Now by combing above two methods we will get the minimum number of swaps to convert the binary tree into binary search tree

## Approach:

- Do the Inoder Traversal of the binary tree and store the elements of tree in an array.
- Then find the minimum number of swaps require to make the array sorted which is made from above process and store it in result and give as output.

Implementation of the above approach.

```
// C++ program for Indorder Traversal tree traversals
#include <bits/stdc++.h>
using namespace std;
/* A binary tree node has data, pointer to left child
and a pointer to right child */
struct Node
{
int data;
struct Node* left, *right;
Node(int data)
{
this->data = data;
left = right = NULL;
}
};
vector<int> arr;
/* Given a binary tree, print its nodes in inorder*/
void InorderTraversal(struct Node* node)
{
if (node == NULL)
return;
/* first recur on left child */
InorderTraversal(node->left);
/* store the data of node in array */
arr.push_back(node->data);
/* now recur on right child */
InorderTraversal(node->right);
}
// Function returns the minimum number of swaps
// required to sort the array
int minSwaps(struct Node* node)
{
InorderTraversal(node);
int n = arr.size();
// Create an array of pairs where first
// element is array element and second element
// is position of first element
pair<int, int> arrPos[n];
for (int i = 0; i < n; i++)
{
arrPos[i].first = arr[i];
arrPos[i].second = i;
}
// Sort the array by array element values to
// get right position of every element as second
// element of pair.
sort(arrPos, arrPos + n);
// To keep track of visited elements.

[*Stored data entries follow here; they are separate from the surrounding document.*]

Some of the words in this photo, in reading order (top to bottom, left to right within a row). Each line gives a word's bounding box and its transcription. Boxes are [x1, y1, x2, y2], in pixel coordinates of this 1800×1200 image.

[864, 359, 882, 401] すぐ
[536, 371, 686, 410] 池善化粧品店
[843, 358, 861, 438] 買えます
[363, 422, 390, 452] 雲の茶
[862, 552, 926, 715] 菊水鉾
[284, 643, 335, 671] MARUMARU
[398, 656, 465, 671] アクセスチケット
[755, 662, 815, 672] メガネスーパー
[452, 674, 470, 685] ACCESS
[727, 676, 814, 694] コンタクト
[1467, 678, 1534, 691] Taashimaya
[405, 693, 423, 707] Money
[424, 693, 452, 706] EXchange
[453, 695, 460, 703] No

Initialize
// all elements as not visited or false.
vector<bool> vis(n, false);
// Initialize result
int ans = 0;
// Traverse array elements
for (int i = 0; i < n; i++)
{
// already swapped and corrected or
// already present at correct pos
if (vis[i] || arrPos[i].second == i)
continue;
// find out the number of node in
// this cycle and add in ans
int cycle_size = 0;
int j = i;
while (!vis[j])
{
vis[j] = true;
j = arrPos[j].second;
cycle_size++;
}
// Update answer by adding current cycle.
if (cycle_size > 0)
{
ans += (cycle_size - 1);
}
}
return ans;
}
/* Driver program to test above functions*/
int main()
{
struct Node *root = new Node(1);
root->left = new Node(2);
root->right = new Node(3);
root->left->left = new Node(4);
root->left->right = new Node(5);
cout << "Minimum number of swaps required: "<<minSwaps(root);
return 0;
}
```

Output:

```
Minimum number of swaps required: 2
```

Explanation of this code can be also seen from above explained two methods.